The secondary sector’s real GVA was virtually unchanged in the third quarter of 2025, as the decline in electricity, gas and water supply offset marginal growth in manufacturing and construction output. The slight increase in manufacturing output was largely driven by increased production of food and beverages, furniture and other manufacturing products, and motor vehicles, parts and accessories. Activity was constrained by weak demand, persistent logistical challenges and uncertainty surrounding the United States (US) trade policy, as reflected in lower capacity utilisation. The contraction in real output of the sector supplying electricity, gas and water was largely due to reduced electricity production and consumption in the third quarter, reflecting reduced electricity generation from Eskom, likely due to subdued demand from other industries.

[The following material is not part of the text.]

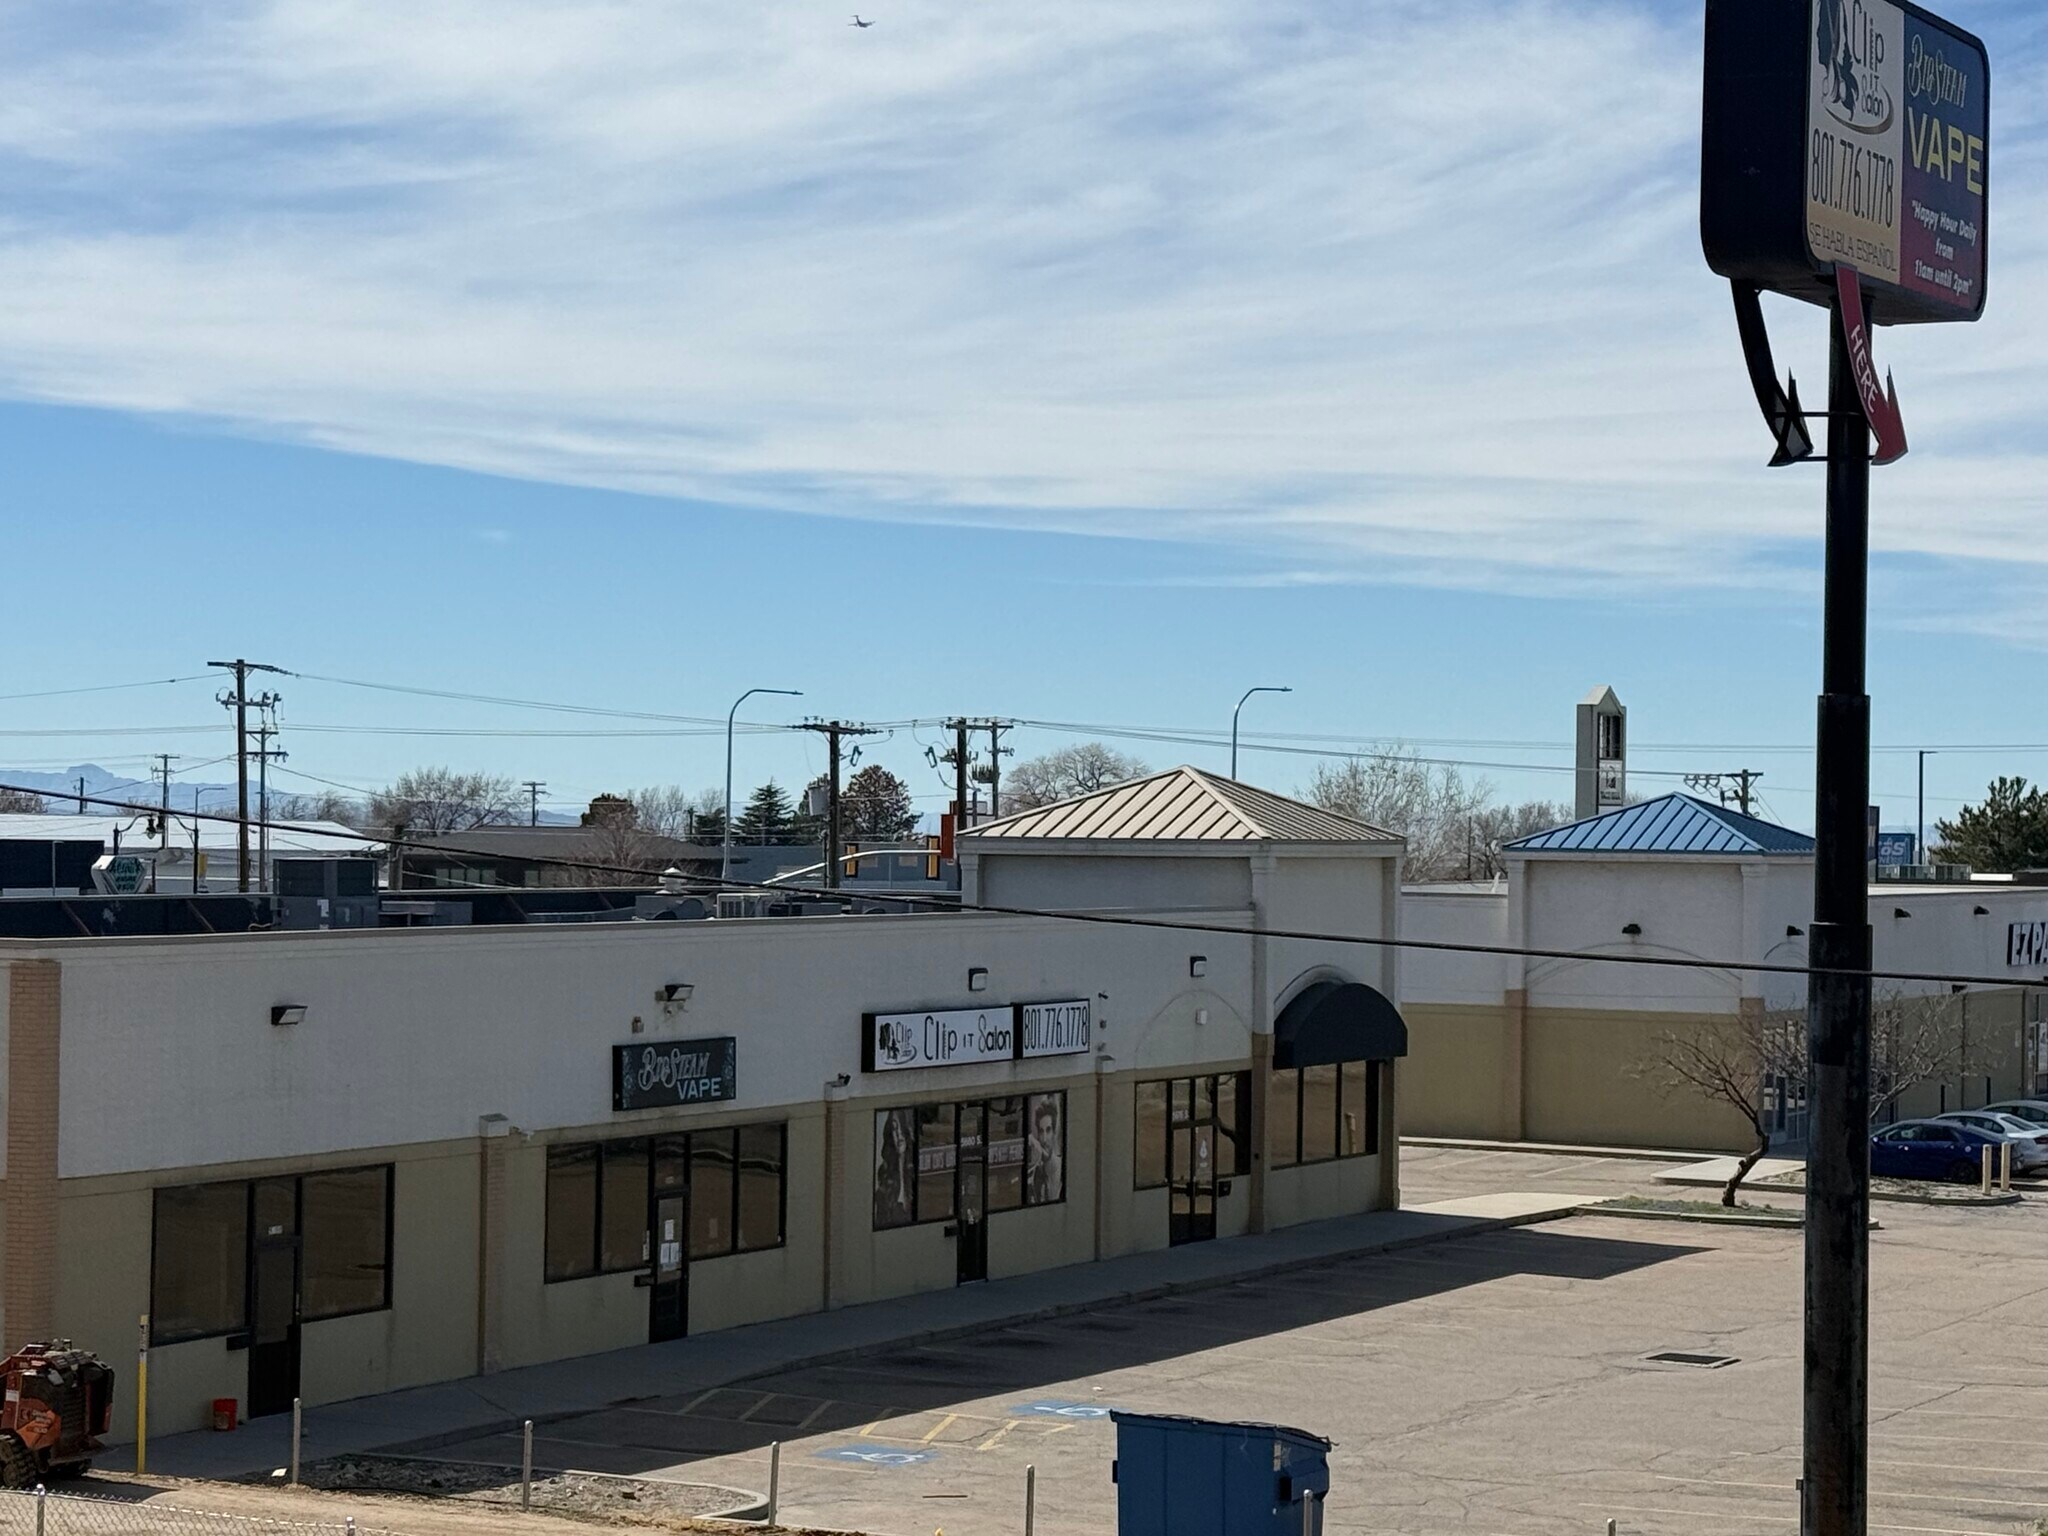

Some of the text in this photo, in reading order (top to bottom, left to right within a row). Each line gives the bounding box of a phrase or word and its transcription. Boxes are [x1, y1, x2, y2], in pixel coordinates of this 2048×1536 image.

Tertiary sector output expanded by 0.5% in the third quarter of 2025, with all four subsectors making positive contributions. The commerce sector’s real GVA rose further, supported by increased wholesale, retail and motor trade as well as tourist accommodation activity. The expansion in transport, storage and communication services was aided by the continued recovery in passenger rail journeys and increased activity in air transport and communication services. Increased real estate and other business services activity bolstered the real GVA of the finance, insurance, real estate and business services sector, with real estate benefitting from successive cuts in the prime lending rate since the third quarter of 2024.
Growth in real gross domestic expenditure moderated from 1.3% in the second quarter of 2025 to 0.9% in the third quarter, reflecting slower growth in both household and government consumption expenditure. However, real gross fixed capital formation returned to growth in the third quarter, alongside further accumulation of real inventory holdings. Real final consumption expenditure by households made the largest contribution to real GDP growth in the third quarter of 2025, while real net exports detracted from overall economic growth as import volumes increased more quickly than export volumes.

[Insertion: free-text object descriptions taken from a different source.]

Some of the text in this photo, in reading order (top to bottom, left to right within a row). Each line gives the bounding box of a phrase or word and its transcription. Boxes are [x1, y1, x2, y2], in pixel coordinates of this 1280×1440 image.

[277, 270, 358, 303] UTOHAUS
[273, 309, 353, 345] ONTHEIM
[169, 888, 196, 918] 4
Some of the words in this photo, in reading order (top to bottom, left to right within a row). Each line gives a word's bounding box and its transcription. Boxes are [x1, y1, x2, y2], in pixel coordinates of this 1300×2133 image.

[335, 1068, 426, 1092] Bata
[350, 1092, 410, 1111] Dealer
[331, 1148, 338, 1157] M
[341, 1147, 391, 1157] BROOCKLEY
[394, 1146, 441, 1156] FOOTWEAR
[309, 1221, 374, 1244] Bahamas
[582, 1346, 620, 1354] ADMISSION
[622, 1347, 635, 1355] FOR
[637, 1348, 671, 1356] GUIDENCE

Growth in real final consumption expenditure by households slowed slightly to 0.7% in the third quarter of 2025, in line with the slower growth in their real disposable income. Spending on durable goods rose sharply, supported by the stable exchange value of the rand, subdued consumer price inflation for durable goods and lower interest rates.
The ratio of household debt to disposable income edged lower to 61.6% in the third quarter of 2025 from 62.1% in the previous quarter, as household debt increased at a slightly slower pace than nominal disposable income. Households’ cost of servicing debt relative to disposable income fell to 8.5% from 8.7% over this period.
Households’ net worth continued to improve in the third quarter of 2025, as the market value of their total assets increased more rapidly than their total liabilities. The rise in assets was largely due to a notable increase in share prices, as both domestic and global equity prices rallied, with the FTSE/JSE All-Share Index reaching new all-time highs after surging by 11.9% in the third quarter. The value of housing stock also rose further as residential property prices continued to increase.
Although real gross fixed capital formation rebounded in the third quarter of 2025, its average level in the first three quarters of the year was still 2.7% lower than in the same period of 2024. The recovery in the third quarter largely reflected higher capital investment from the public sector, while capital outlays by private business enterprises increased only slightly. By asset type, transport equipment and computer software made the largest contributions to growth in fixed investment over this period.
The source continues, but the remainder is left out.